En medio de una polémica por la realización de la manifestación durante el duelo nacional por las víctimas de la explosión de Rosario y a tres días de las elecciones primarias, agrupaciones civiles y políticas concretaron su convocatoria a expresarse contra el Gobierno.

El rechazo de los participantes se centró en la corrupción, la inseguridad, el desempleo, la inflación y el fraude electoral.

A partir de las 20.00, los manifestantes comenzaron a reunirse en las inmediaciones el Obelisco porteño, en 9 de Julio y Corrientes, desde donde marcharon hasta la Plaza de Mayo. 

• Organización

Para la ocasión, los organizadores colocaron una pantalla gigante frente al Teatro Colón, sobre la avenida 9 de Julio, donde se proyectaron imágenes y consignas en contra del Gobierno.

Mariana Torres, una de las organizadoras de la protesta, conversó telefónicamente con ámbito.com mientras marchaba hacia el Obelisco. 

"Los reclamos son los mismos que en las anteriores, la corrupción, la inseguridad, la mentira y la inflación", comentó y a la vez confesó: "Hay menos gente que las anteriores".

Leonardo Bugallo, otro de los organizadores, consideró que la marcha se hizo porque "no es una fiesta" en medio del duelo nacional.

"La marcha se hace porque no estamos en campaña, porque la marcha no es una fiesta, y porque sí es una actitud ciudadana de reclamo", afirmó Bugallo en declaraciones a radio Rivadavia.

"Lo que pasó en Rosario nos puso en duda, que hacíamos en las redes sociales y desde Rosario nos pidieron que no se levante, ya que allá van a ir al monumento a la bandera con velas, con la consigna basta de muertes evitables", agregó el dirigente. 

Respecto a la posibilidad de cancelar la protesta tras la tragedia de Rosario donde murieron 10 personas dijo: "Decidimos dejarla en pié porque el gobierno pretendió hacer una utilización política de la tragedia. Incluso, la misma gente de Rosario, nos pidió que no parábamos la marcha, por el contrario". 

Y en tal sentido agregó que "no somos quien para decidir si se hace o no se hace. El que decide en definitiva es la gente.
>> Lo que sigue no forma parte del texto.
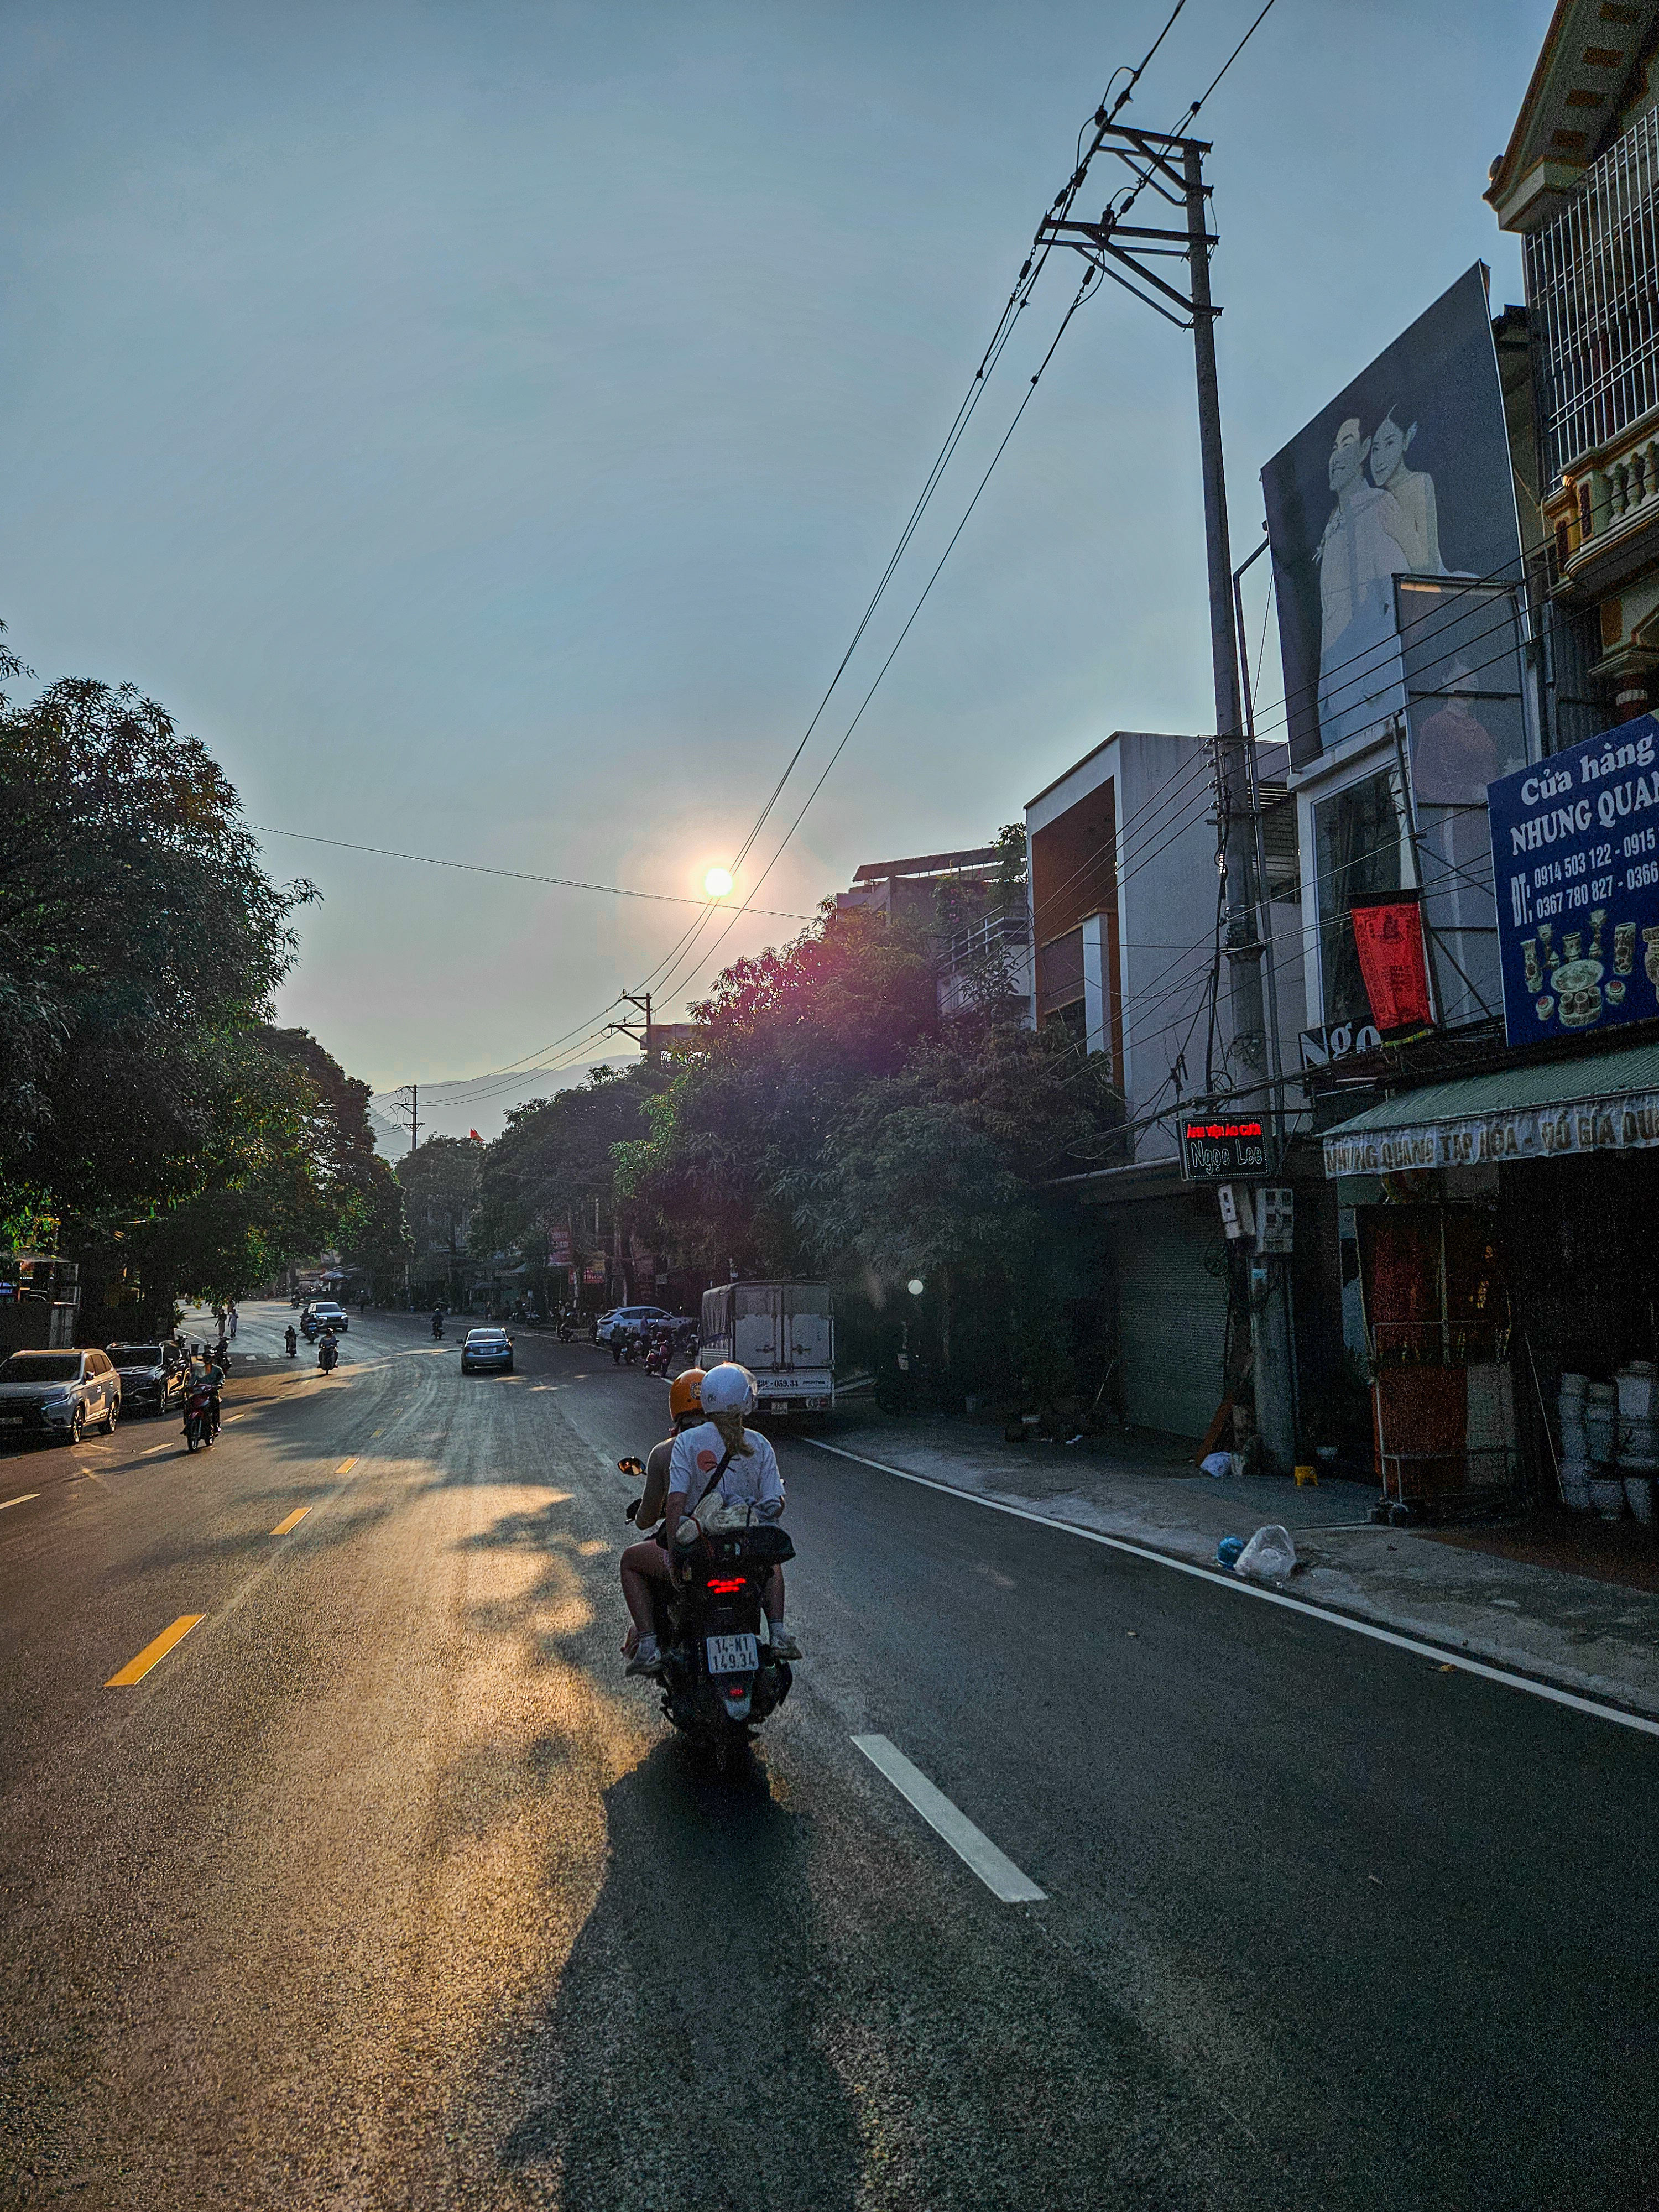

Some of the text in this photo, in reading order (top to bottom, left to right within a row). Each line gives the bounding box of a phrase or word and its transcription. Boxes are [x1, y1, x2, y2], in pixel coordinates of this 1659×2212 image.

Nosotros estamos todos los días de luto por las víctimas que hay por tragedias evitables", concluyó Torres.

Durante la protesta se registraron concentraciones en las esquinas tradicionales de la Ciudad de Buenos Aires, como Cabildo y Juramento, y hubo réplicas en las inmediaciones de la Quinta presidencial de Olivos y en sectores del Conurbano, como Ramos Mejía.

Las cacerolas también se escucharon en La Plata, frente a la sede del Palacio Municipal, y en la capital de Tucumán, Mendoza y Córdoba.